Procédure devant la Cour :
Par une requête et des mémoires, enregistrés les 4 décembre 2017, le 1er mars 2018 et 25 avril 2018, la commune de Saorge, représentée par MeA..., demande à la Cour :
1°) d'annuler ce jugement du tribunal administratif de Nice du 3 octobre 2017 ;
2°) de rejeter la demande de première instance ;
3°) de mettre à la charge de l'association APCNC la somme de 2000 euros au titre de l'article L. 761-1 du code de justice administrative.
Elle soutient que :
- elle n'a pas méconnu l'article 542 du code civil ;
- la délibération est justifiée par des motifs de sécurité ;
- la différence de traitement entre les deux associations est justifiée par les différences de situations et par des motifs d'intérêt général ;
- la demande de l'association est abusive.

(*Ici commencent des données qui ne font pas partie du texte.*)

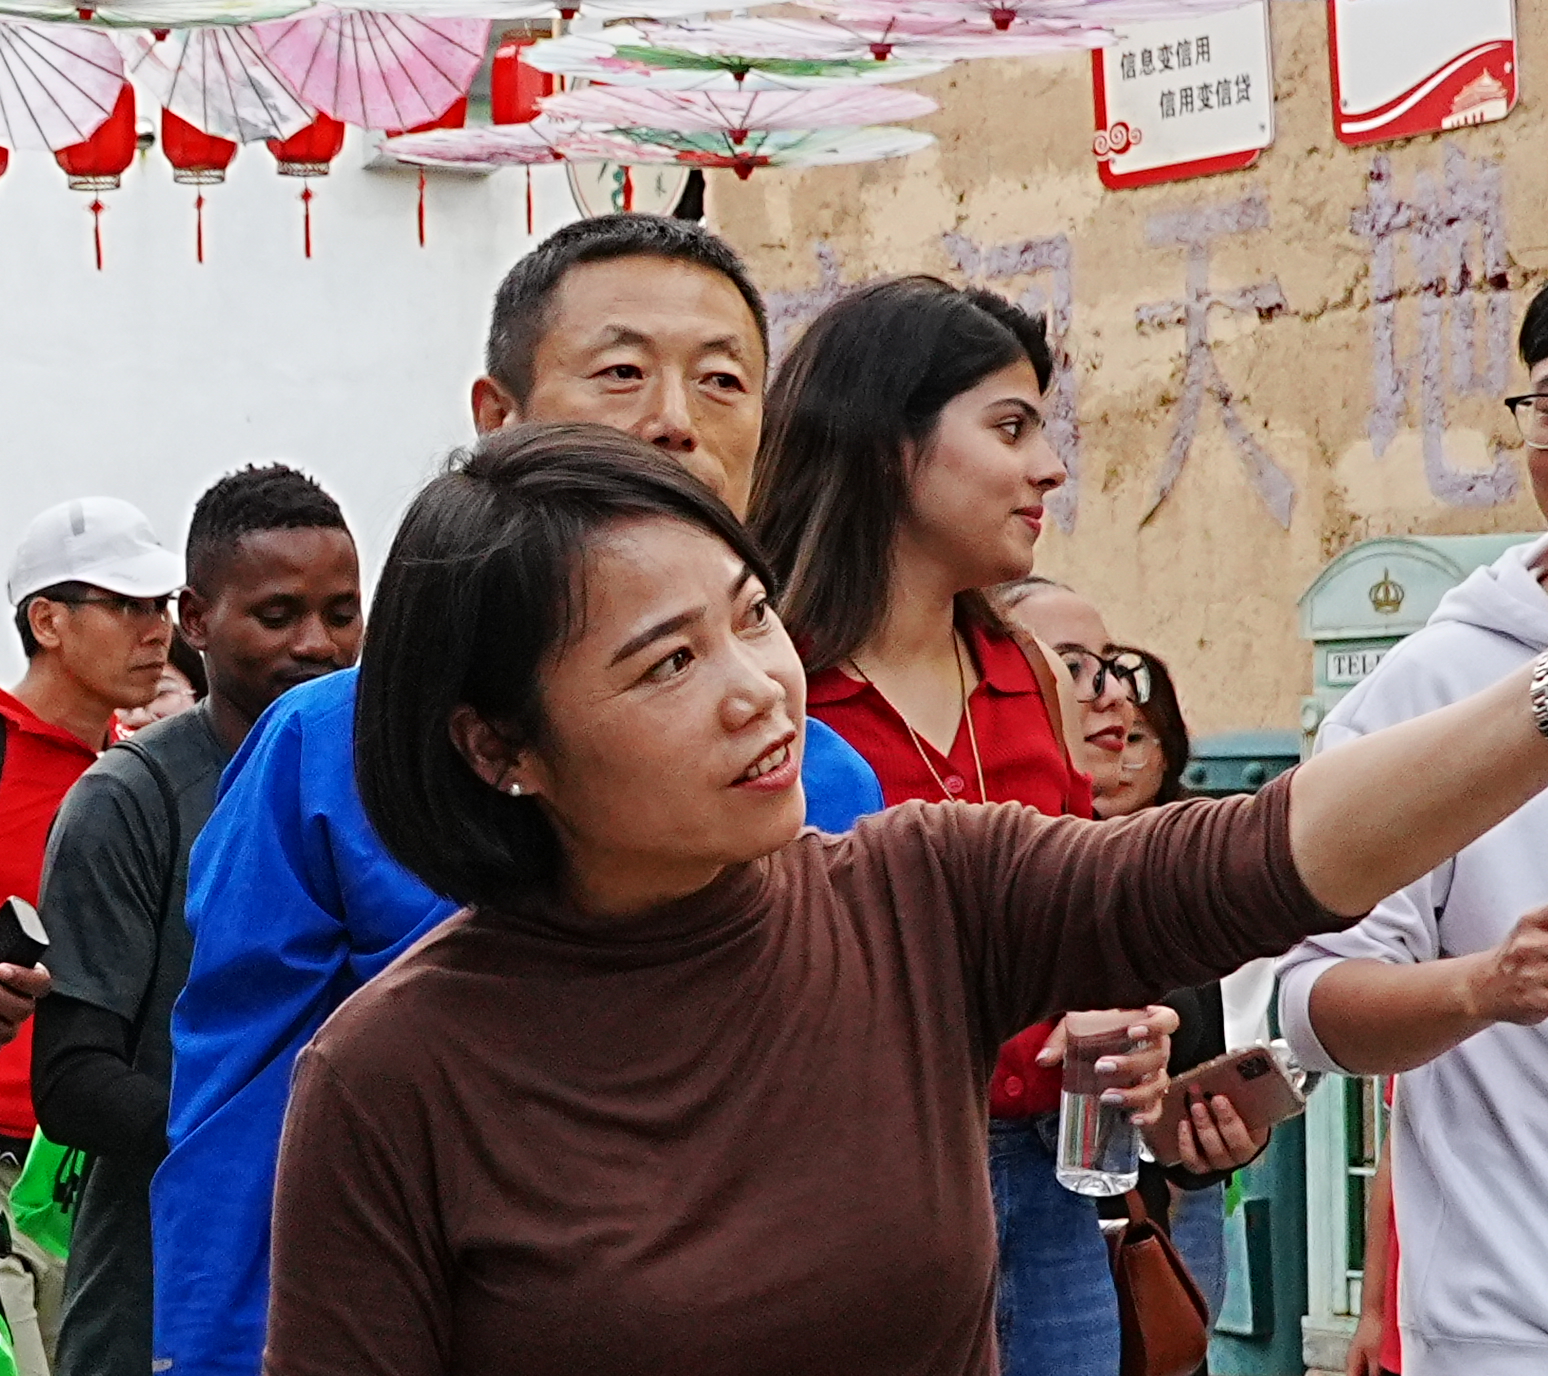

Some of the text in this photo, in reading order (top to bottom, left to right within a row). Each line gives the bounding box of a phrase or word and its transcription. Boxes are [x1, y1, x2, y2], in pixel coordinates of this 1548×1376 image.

[1120, 35, 1211, 81] 信息变信用
[1159, 72, 1252, 121] 信用变信贷

Par un des mémoires en défense, enregistrés le 27 février 2018 et le 17 avril 2018, l'association APCNC, représentée par MeB..., conclut au rejet de la requête, à ce qu'il soit mis à la charge de la commune une somme de 5000 euros au titre de l'article L. 761-1 du code de justice administrative et à ce qu'il soit enjoint à la commune de réexaminer la demande sous astreinte de 500 euros.
Elle soutient que :
- la requête est irrecevable, le maire ne disposant pas d'habilitation à ester ;
- l'autorité de la chose jugée impose la décision du tribunal ;
- les autres moyens soulevés par la commune de Saorge ne sont pas fondés.

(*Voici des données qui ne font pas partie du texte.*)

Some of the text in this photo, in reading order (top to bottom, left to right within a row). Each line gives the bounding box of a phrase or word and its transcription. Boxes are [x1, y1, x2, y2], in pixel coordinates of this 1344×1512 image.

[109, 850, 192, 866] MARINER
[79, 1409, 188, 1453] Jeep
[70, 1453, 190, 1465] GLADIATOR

Vu les autres pièces du dossier.
Vu :
- le code civil ;
- le code général des collectivités territoriales ;
- le code de justice administrative.
Les parties ont été régulièrement averties du jour de l'audience.
Ont été entendus au cours de l'audience publique :
- le rapport de M. Marcovici,
- les conclusions de M. Revert, rapporteur public,
- et les observations de MeC..., représentant la commune de Saorge, et de Me B..., représentant l'association de propriétaires chasseurs et non chasseurs de Saorge.
Considérant ce qui suit :
Sans qu'il soit besoin de statuer sur la recevabilité du mémoire de la commune :
1. Par délibération du 31 octobre 2014, le conseil municipal de Saorge a décidé de résilier le précédent bail de chasse accordé à la société de chasse de Saorge et d'accorder à cette société un bail de chasse sur la totalité du territoire communal pour une durée de 9 ans étendue à la fin de la saison de chasse soit au 31 mars 2023. L'association de propriétaires chasseurs et non chasseurs de Saorge, devenue société de chasse communale de Saorge, qui avait également demandé le bénéfice d'un bail de chasse sur le territoire communal, a demandé l'annulation de cette délibération en tant qu'elle lui a refusé la conclusion d'un bail de chasse, ainsi qu'il soit enjoint à la commune de Saorge de réexaminer sa demande. La commune de Saorge relève appel du jugement par lequel le tribunal administratif de Nice a annulé cette délibération.
2. Aux termes de l'article 542 du code civil : " Les biens communaux sont ceux à la propriété ou au produit desquels les habitants d'une ou plusieurs communes ont un droit acquis ". Il résulte de ces dispositions que seuls les habitants de la commune, permanents ou non, ont vocation à utiliser les biens communaux.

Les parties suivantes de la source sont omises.